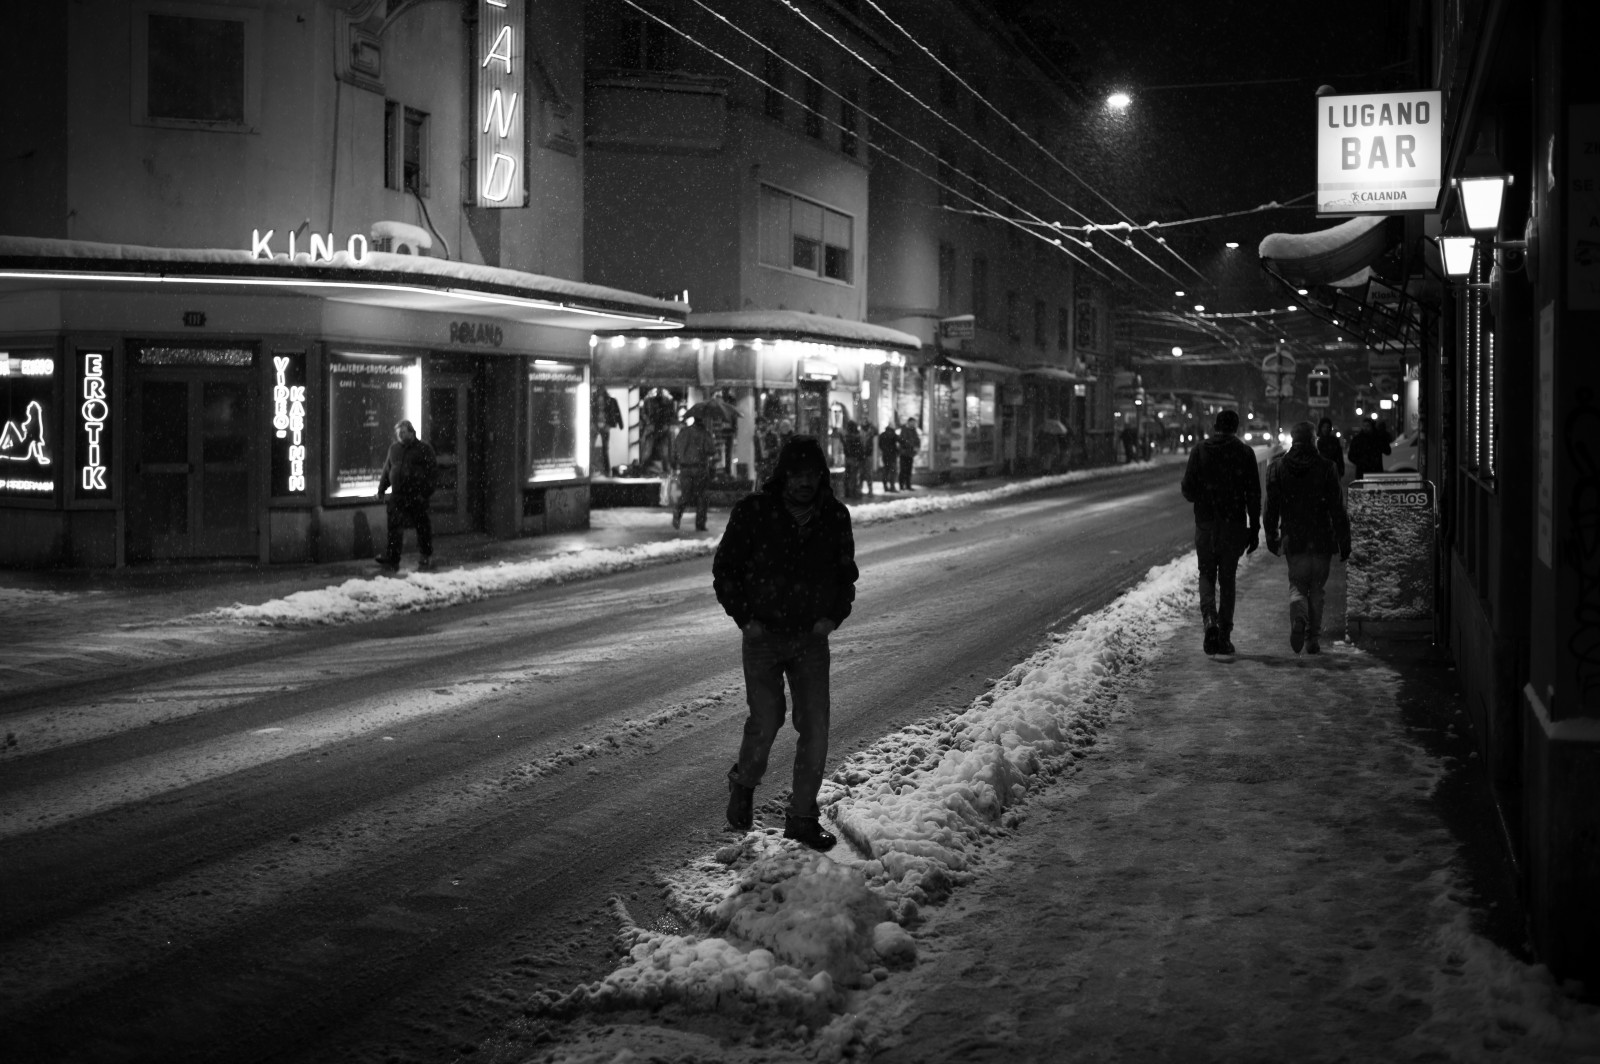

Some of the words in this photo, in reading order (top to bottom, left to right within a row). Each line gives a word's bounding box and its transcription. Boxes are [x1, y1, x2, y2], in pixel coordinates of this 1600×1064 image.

[482, 0, 517, 202] AND
[1328, 101, 1431, 128] LUGANO
[1341, 134, 1416, 171] BAR
[1583, 142, 1600, 154] ZI
[1360, 190, 1407, 201] CALANDA
[251, 228, 369, 264] KINO
[450, 321, 503, 347] ROLAND
[82, 353, 108, 490] EROTIK
[289, 385, 305, 491] KABINEN

Required action -
Repeat all the material above exactly, apart from the pictures.

Written solution -
Some of the words in this photo, in reading order (top to bottom, left to right within a row). Each line gives a word's bounding box and its transcription. Boxes are [x1, y1, x2, y2], in pixel coordinates of this 1600×1064 image.

[482, 0, 517, 202] AND
[1328, 101, 1431, 128] LUGANO
[1341, 134, 1416, 171] BAR
[1583, 142, 1600, 154] ZI
[1360, 190, 1407, 201] CALANDA
[251, 228, 369, 264] KINO
[450, 321, 503, 347] ROLAND
[82, 353, 108, 490] EROTIK
[289, 385, 305, 491] KABINEN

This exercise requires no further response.